The police officer has twice testified under oath that he did not observe or note any violation of law, before he made the search and seizure in question.
The government contends that the motion should be denied, first, because the defendant, being a mere licensee, cannot complain of an illegal search and seizure; second, that the police officer had the right to inspect the records of the defendant relating to the sale of intoxicating liquors; and, third, that, no matter how the evidence was obtained, the government may use it upon the trial.
These contentions will be examined in the order in which they are advanced.
The government relies upon the language of the permit, to sustain its first contention; so far as pertinent, it is as follows:
To decide that a patrolman who is a member of the police department of the city of New York is an "officer of the Bureau of Prohibition" would result in transferring a municipal employee into an agent of the federal government without the act or sanction of the National Legislature, something that this court has not the power to do.
The government also urges that one holding a permit waives his constitutional rights against illegal search and seizure. No authority is cited to sustain the contention.
The suggestion is novel, that, by obtaining a permit under section 6 of title 2 of the National Prohibition Act (27 USCA § 16), one is relegated to an inferior type of citizenship, and, during the life of the permit, he is subject to a disability not shared by his fellow citizens. The plain aspect of the matter is that, by obtaining such a permit, the holder engages to abide by the law and regulations under which it is issued, and no special power is conferred upon any governmental agency, whether national, state, or municipal, nor could it be by the licensee, which is in excess of the powers lawfully confided to public officials.
The second contention is but a repetition, in another form, of what is urged under the first; as the police officer has twice stated under oath that he did not observe or note any violations of law in the defendant's store on July 6, 1929, his subsequent activities were not sanctioned by law.

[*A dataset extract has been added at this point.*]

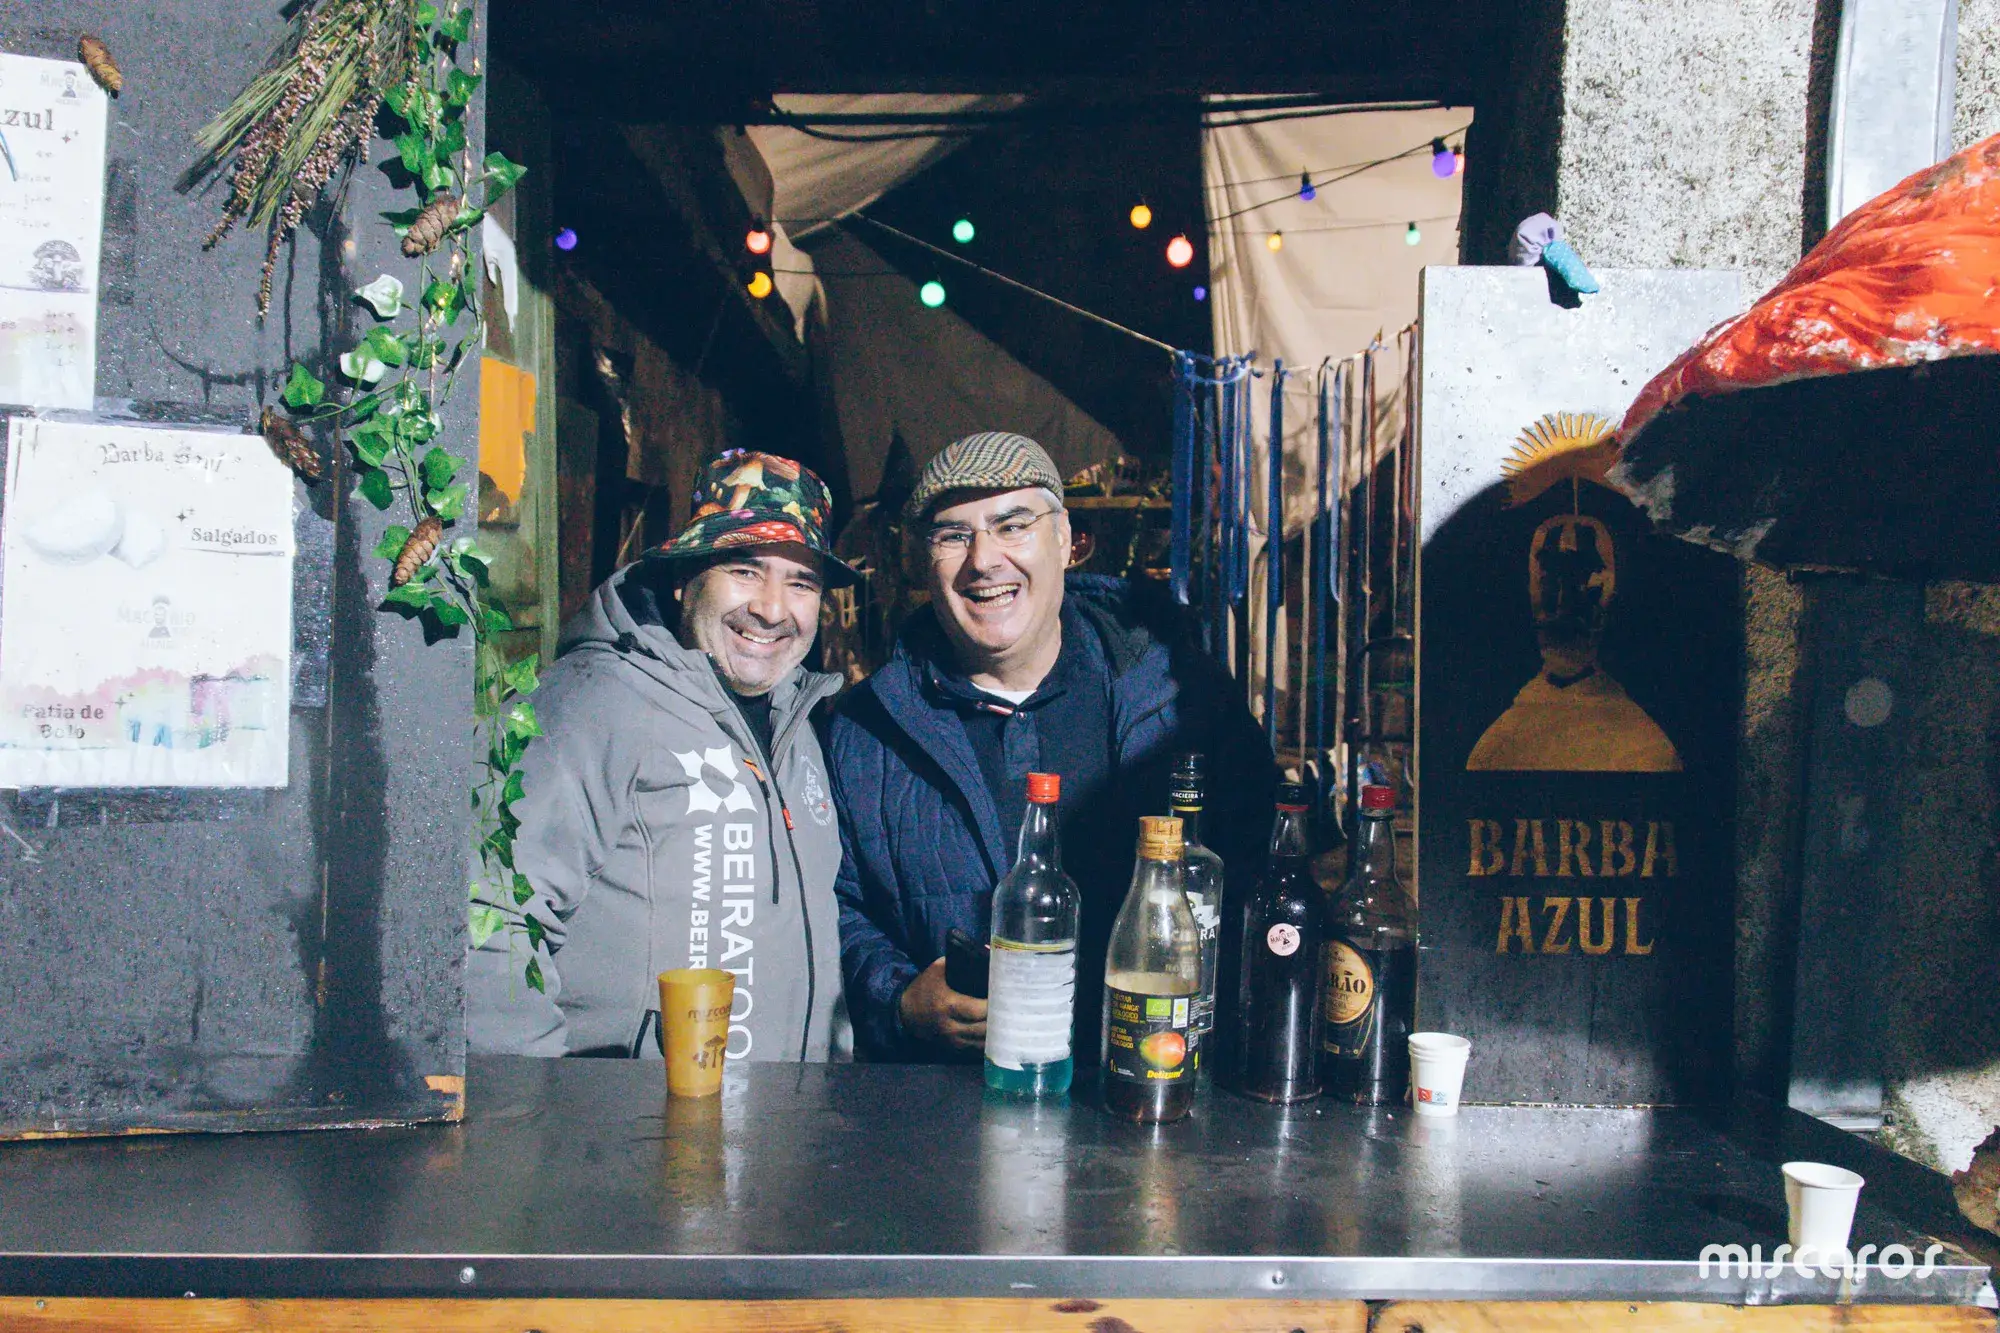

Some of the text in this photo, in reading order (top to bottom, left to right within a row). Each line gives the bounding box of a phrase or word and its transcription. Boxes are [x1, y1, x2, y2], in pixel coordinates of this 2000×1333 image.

The third contention, that the evidence in question is available to the government, notwithstanding the manner in which it was procured, is at variance with the decision of the Supreme Court, in Gambino v. U. S., 275 U. S. 310, 48 S. Ct. 137, 72 L. Ed. 293, 52 A. L. R. 1381.
The motion is granted; settle order on three days' notice.
On Motion for Reargument.
This is a motion for reargument of a motion heretofore decided on January 10, 1930, granting the motion of the defendant Kozan to restrain the United States Attorney from using upon the trial of this case, as against the said defendant, any of the evidence obtained directly or indirectly as the result of an unlawful and illegal search and seizure.
Reargument is sought upon the contention that, in making its decision, the court inadvertently overlooked title 2, section 34, of the National Prohibition Act (27 U. S. C. § 51 27 USCA § 51) which reads as follows:
It is true that the foregoing was neither relied upon by the government, nor sought to be avoided by the defendant, upon the argument or in the briefs of counsel, when...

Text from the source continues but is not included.